С космической темой у Шварца связан и почти анекдотический случай. У Гуны Голуб, редактора передачи "С добрым утром!", ходил в поклонниках молодой поэт Володя Сергеев. Вечно озабоченный юбилеями, он ко Дню космонавтики написал очередную "рыбу" под названием "Звездная пехота" и судорожно – время поджимало! – искал композитора, готового сочинить мелодию на его гениальный текст. Голуб сосватала своего воздыхателя охочему до работы Шварцу.

– Эгил, есть случай прославиться. Прояви талант, сделай массовую песню!

Шварц про себя мыслил так, что он и советская массовая песня – "две вещи несовместные", но от "рыбы" Сергеева не отказался, давно взяв за правило не чураться никаких предложений.

Песня начиналась словами:

Недаром так всегда бывает:

Судьба путями разными ведет

Одни ребята к звездам улетают,

Другие – собирают их в полет.

Далее следовал припев:

Такая их работа.

Звездная пехота

Тысячи бессонных глаз.

Такая из забота.

Звездная пехота

Космический рабочий класс...

Особого композиторского дара для таких стихов не требовалось. Покопавшись в своих заготовках, Шварц нашел подходящую "болванку", и в два дня песня была готова.

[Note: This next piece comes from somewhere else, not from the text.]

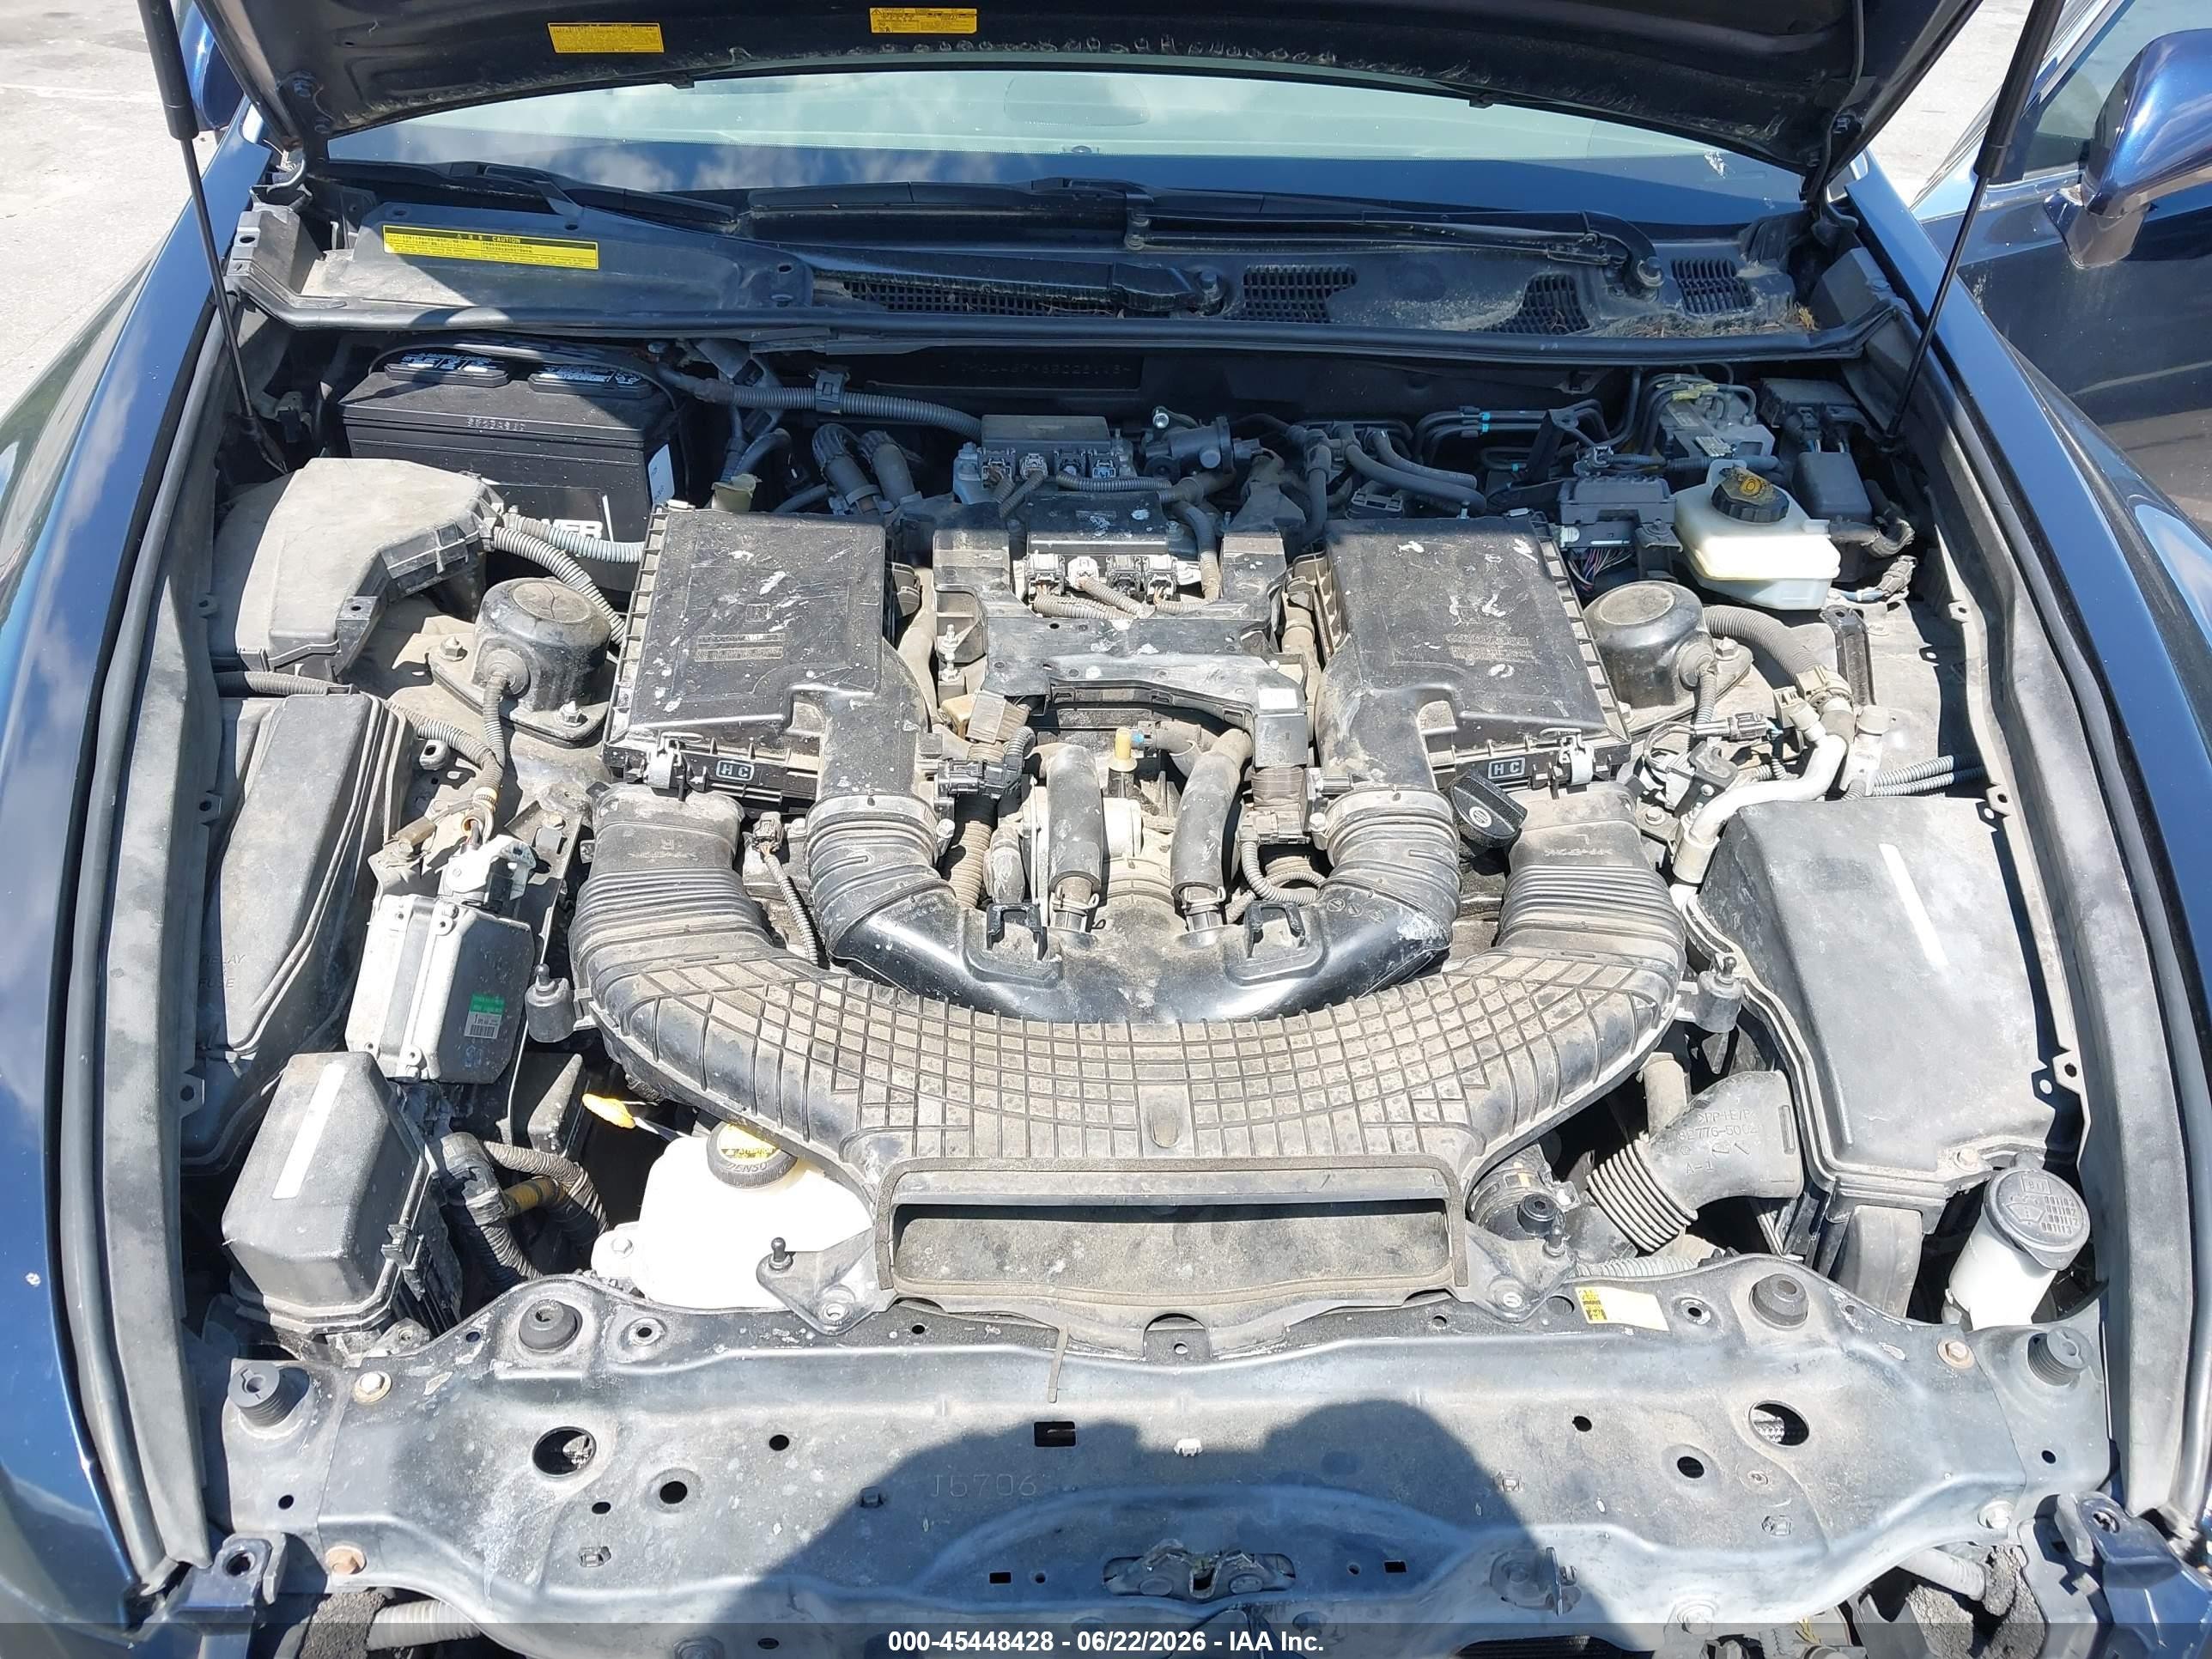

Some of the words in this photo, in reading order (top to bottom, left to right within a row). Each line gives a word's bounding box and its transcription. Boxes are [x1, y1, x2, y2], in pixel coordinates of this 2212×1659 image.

Поэт Володя Сергеев не скрывал восторга:

– Потрясающе! Завтра едем в "Правду", у меня там приятель трудится

– О, "Правда"! Для меня это что-то наподобие небесной канцелярии, последняя инстанция перед Богом.

– Да ерунда. Такие же жлобы, как и везде, только с гонором и более осторожные. Но мы прорвемся.

На следующий день авторы "Звездной пехоты" показывали свое творение в кулуарах самой влиятельной газеты в стране. Шварц с деланным энтузиазмом бил по клавишам, а Сергеев с не меньшим "вдохновением" горланил: "Такая их работа..."

Сотрудники приняли "шедевр" с прохладцей: то ли песня им просто не повкусилась, то ли даже они, привыкшие к партийной туфте, почувствовали, что данное произведение явно "не тянет" в плане искренности и патриотизма. "Такая их работа..." Мда... Не очень обнадеживающе...

– Да что вы, товарищи,– пылко убеждал их Сергеев,– вам ничего другого на День космонавтики не надо. Это же готовый шлягер. Вся страна будет петь. А припев какой! Там же о новом рабочем классе – кос-ми-чес-ком!

Присутствующие вяло соглашались:

– Да, но... понимаете, чего-то не хватает...

Шварц со стыда готов был провалиться сквозь землю, а поэт Сергеев с упрямым оптимизмом долбил свое:

– Вы только вслушайтесь – это же совершенная патриотическая песня. Завтра ее будут петь миллионы, вот увидите...

Все-таки Володя уломал ответственного секретаря, и они покинули редакцию, вырвав обещание, что произведение о космическом рабочем классе будет напечатано.

Я, признаюсь, "Правду" никогда не читал, даже не просматривал, поэтому не в курсе, печатал ли вообще, до того или после, столь уважаемый партийный орган какие-либо песни. Но Шварц мне с гордостью показал пожелтевший номер "Правды" от 13 апреля 1965 года с опубликованными на 4-й полосе нотами и текстом "Звездной пехоты". И добавил при этом:

– В Риге, наверное, поперхнулись от злости или зависти, увидев мою песню в газете – органе ЦК КПСС. А то Швейник там и руководящие товарищи в Москве все время нам твердили: "Что вы, ребята, все о любви да о любви. Возьмитесь за идеологию – для дела". Вот я и взялся разок.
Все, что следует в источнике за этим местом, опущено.